The handling of garbage can tell you a lot about the socio-economic development of a country, as well as its culture. In Vietnam, it's very simple: just toss it where you stand, sit or lie. It's true that you often see women bent over a broom, seemingly sweeping things, without apparent effect (they are bent over because the broom handles are just a few feet long - a fortune awaits the bold entrepreneur who comes up with longer broom handles). In Shanghai, people routinely discard papers, cigarette packs and such, but an army of sweepers, armed with full-length medieval-looking brooms, keep the litter to a minimum. The one thing no one can do anything about is spitting. Even the Butcher of Beijing (my affectionate nickname for the madman known as Mao) couldn't eradicate this cultural trait. He couldn't eradicate religion either; one could say that the Chinese spit religiously.
Thailand is relatively clean, even though you can never find a garbage can. Ditto Malaysia.
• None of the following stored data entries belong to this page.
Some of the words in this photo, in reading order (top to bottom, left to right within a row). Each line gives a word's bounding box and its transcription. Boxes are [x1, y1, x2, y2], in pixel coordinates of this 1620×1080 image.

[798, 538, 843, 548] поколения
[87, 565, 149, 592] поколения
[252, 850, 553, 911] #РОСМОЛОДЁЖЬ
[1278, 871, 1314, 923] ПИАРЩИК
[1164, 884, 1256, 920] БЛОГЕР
In Budapest, we must have been there during the annual attic-cleaning period. One Friday night, the streets were packed with derelict furniture and other garbage. The next day, it was all gone. Vienna is of course spotlessly clean. The Baroque era buildings look like they were put up yesterday (except, of course, that no one today has the skills, or the desire, to do anything of the sort). In the residential areas of Rome, you take your sorted garbage to a series of Dumpster-like containers that are sprinkled all over the place. Each station has containers for paper, glass, kitchen scraps, etc... This being Italy, however, collection frequency is not always as it should be and people just leave their bags by the curb when the containers are full. This creates frequent stink zones on the sidewalks, and if your cafe or bar happens to be in close proximity to the dump zone, you can kiss your patio custom goodbye for a few days.
Naples has a colourful history when it comes to garbage. This is what it looked like a few years ago:
This is more my idea of Italian pin-ups:
Upon returning to Calgary, I noticed that City Hall's War on Cars is still in full swing. I can't imagine how miserable driving in and out of downtown at rush hour must be. But the 1% (or less) of the population who cycle to work are now much happier. Bully for them. Maybe the 99% could start their own Occupy movement in front of City Hall? But I forget, they're likely to have jobs.
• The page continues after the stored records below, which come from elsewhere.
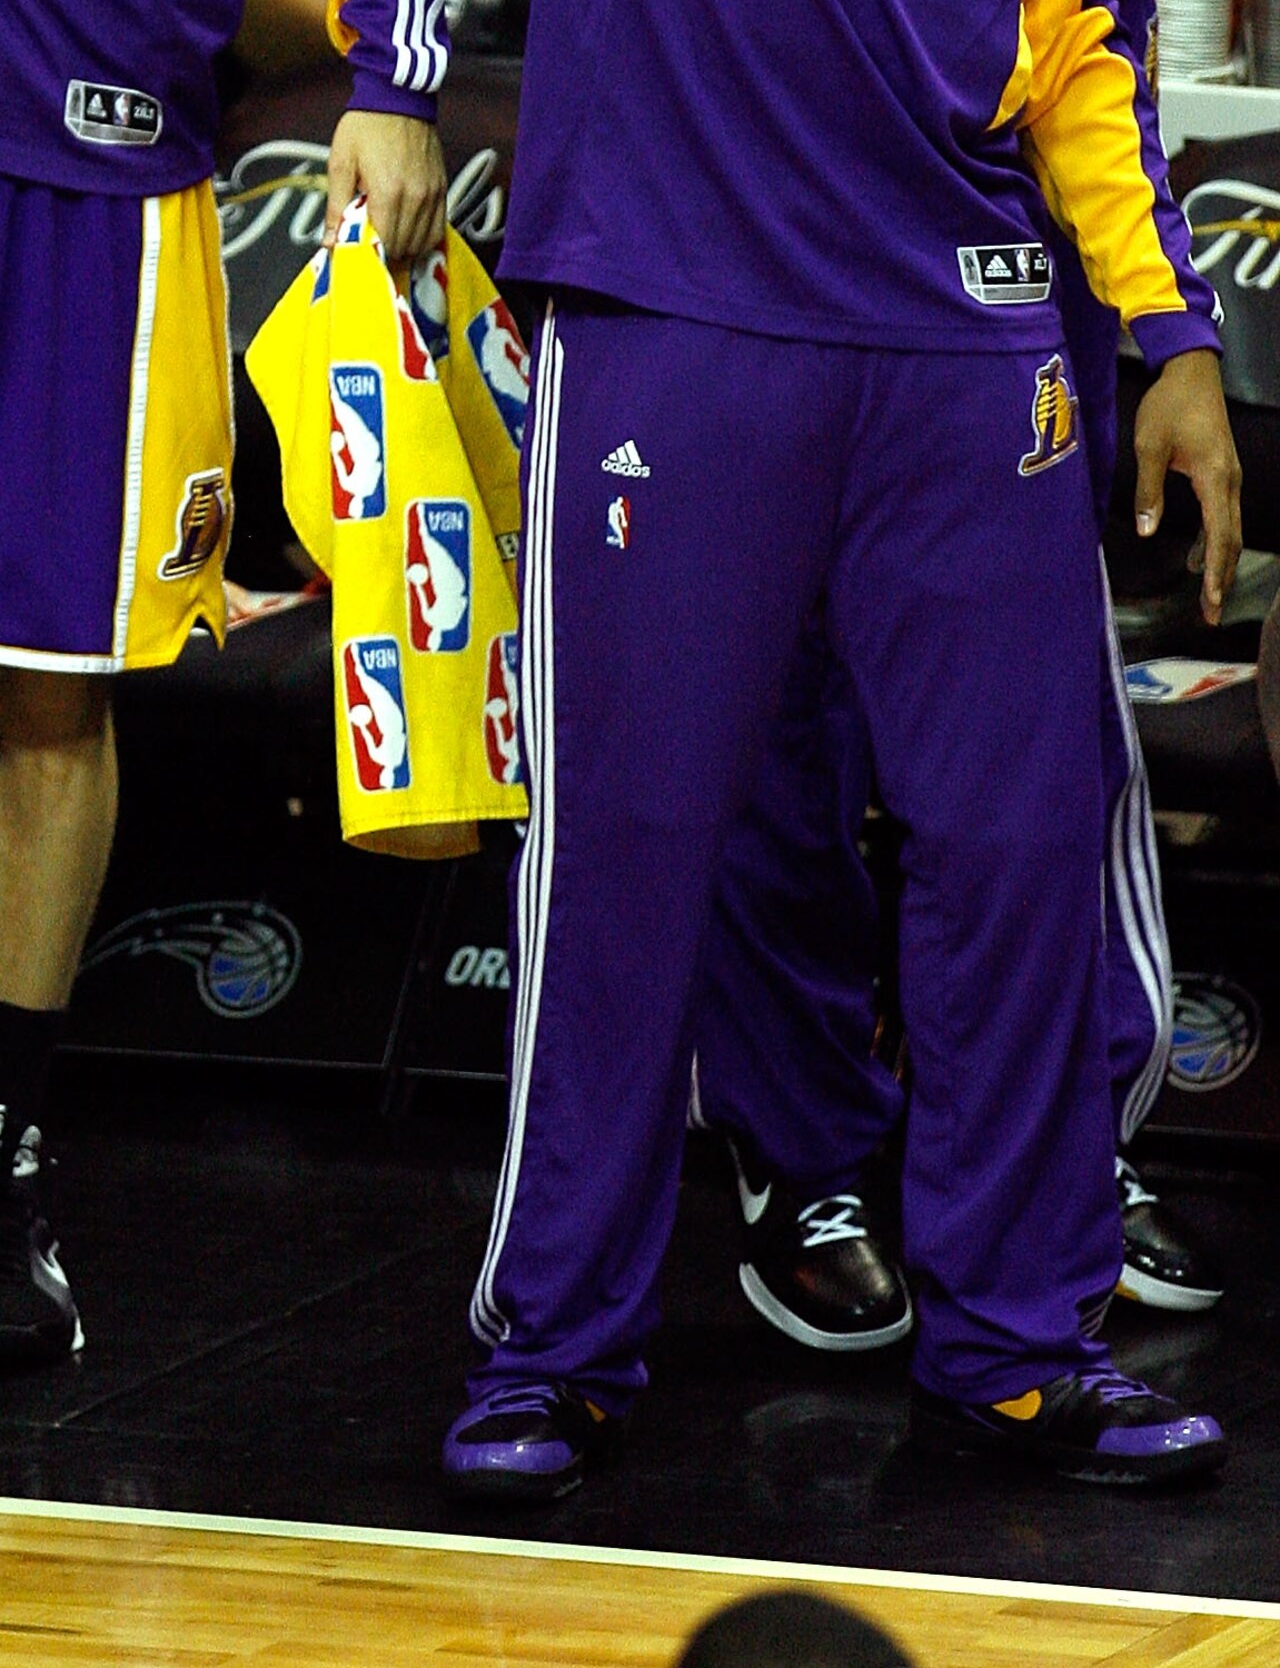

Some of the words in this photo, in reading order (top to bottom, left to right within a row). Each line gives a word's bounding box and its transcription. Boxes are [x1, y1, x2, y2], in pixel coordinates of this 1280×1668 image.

[336, 374, 376, 397] NBA
[601, 458, 650, 478] adidas
[428, 510, 465, 533] NBA
[362, 647, 398, 670] NBA
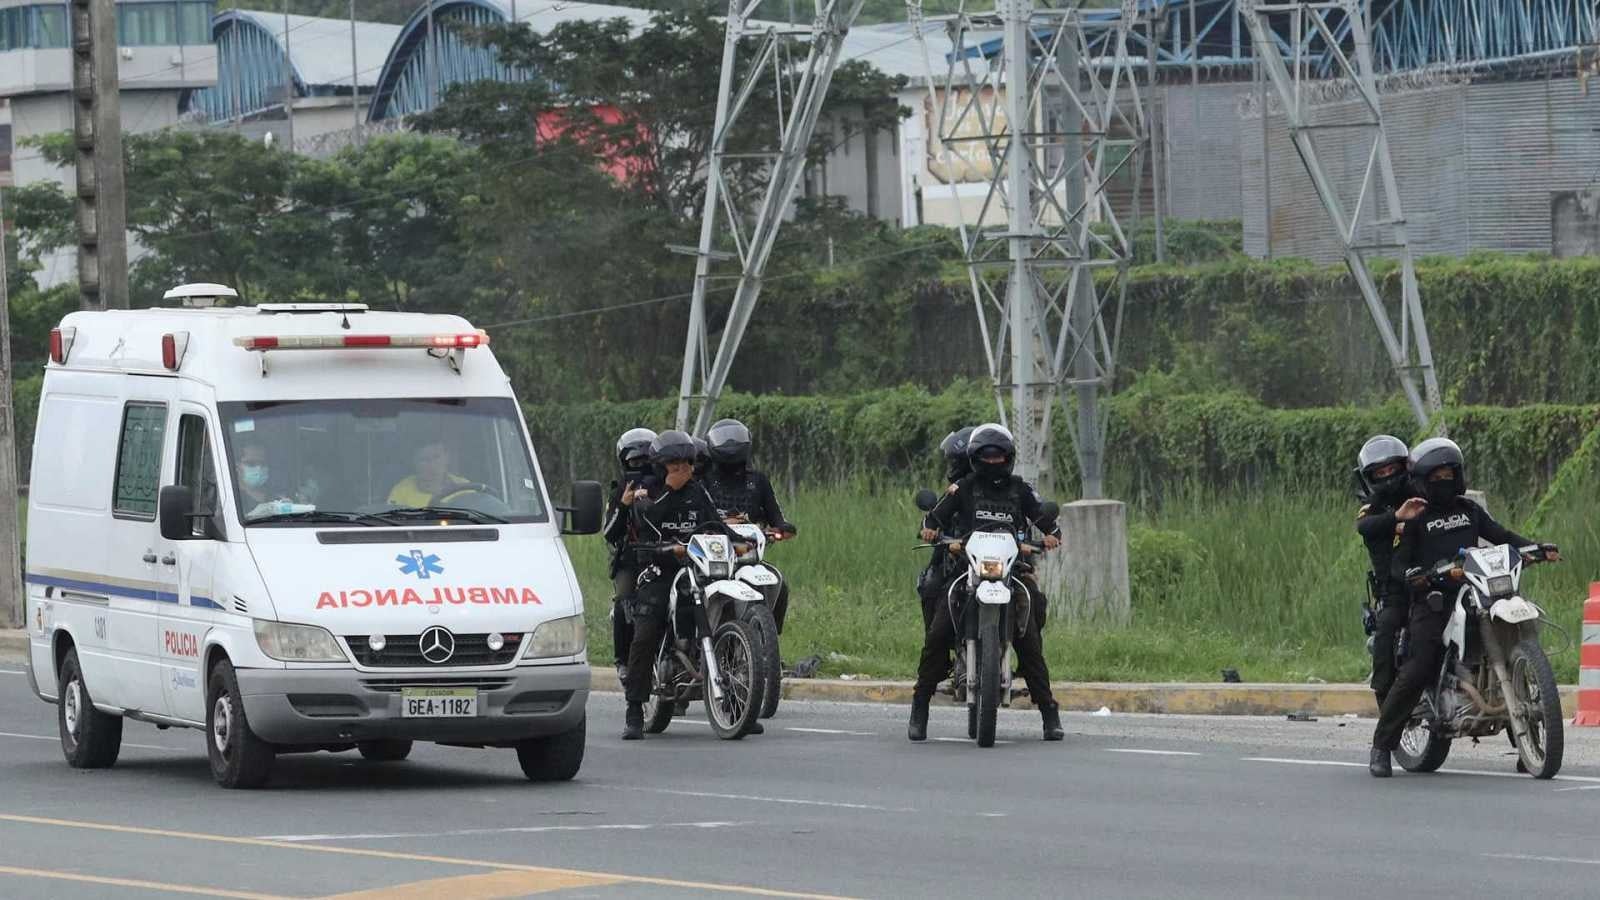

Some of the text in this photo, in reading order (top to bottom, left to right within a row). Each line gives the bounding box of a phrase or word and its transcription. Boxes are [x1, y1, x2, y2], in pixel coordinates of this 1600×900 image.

Here is a preview of more misery to come for those needing to enter or exit on the west side of downtown: when Calgary Transit's long-awaited 4-car trains come into service, something interesting will happen. As the Northwest train gets across the river, it has to stop at traffic lights at 4th and/or 5th and/or 6th and/or 7th Avenue. The outbound train has to stop as well. The distance between avenues is exactly 3 cars long. At rush hour, this will mean waiting a few more light cycles to get in or out of downtown. Of course they could give the trains control over the lights, for the exact same results. Do they even know of this? Their track record is not inspiring.
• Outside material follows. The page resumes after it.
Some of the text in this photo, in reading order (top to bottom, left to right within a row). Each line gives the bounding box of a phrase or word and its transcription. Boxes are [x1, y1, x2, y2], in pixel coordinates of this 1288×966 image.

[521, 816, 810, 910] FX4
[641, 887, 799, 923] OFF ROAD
All this means thousands of cars idling for a longer time, something the pistachios (them are green nuts) are supposed to be against.
In that vein,Loanne and I have been together for 18 years and 4 months, which corresponds exactly to the period when global temperatures have refused to budge and go anywhere, flying in the face of all the computer models used to predict doomsday. The science is settled? Bullshit!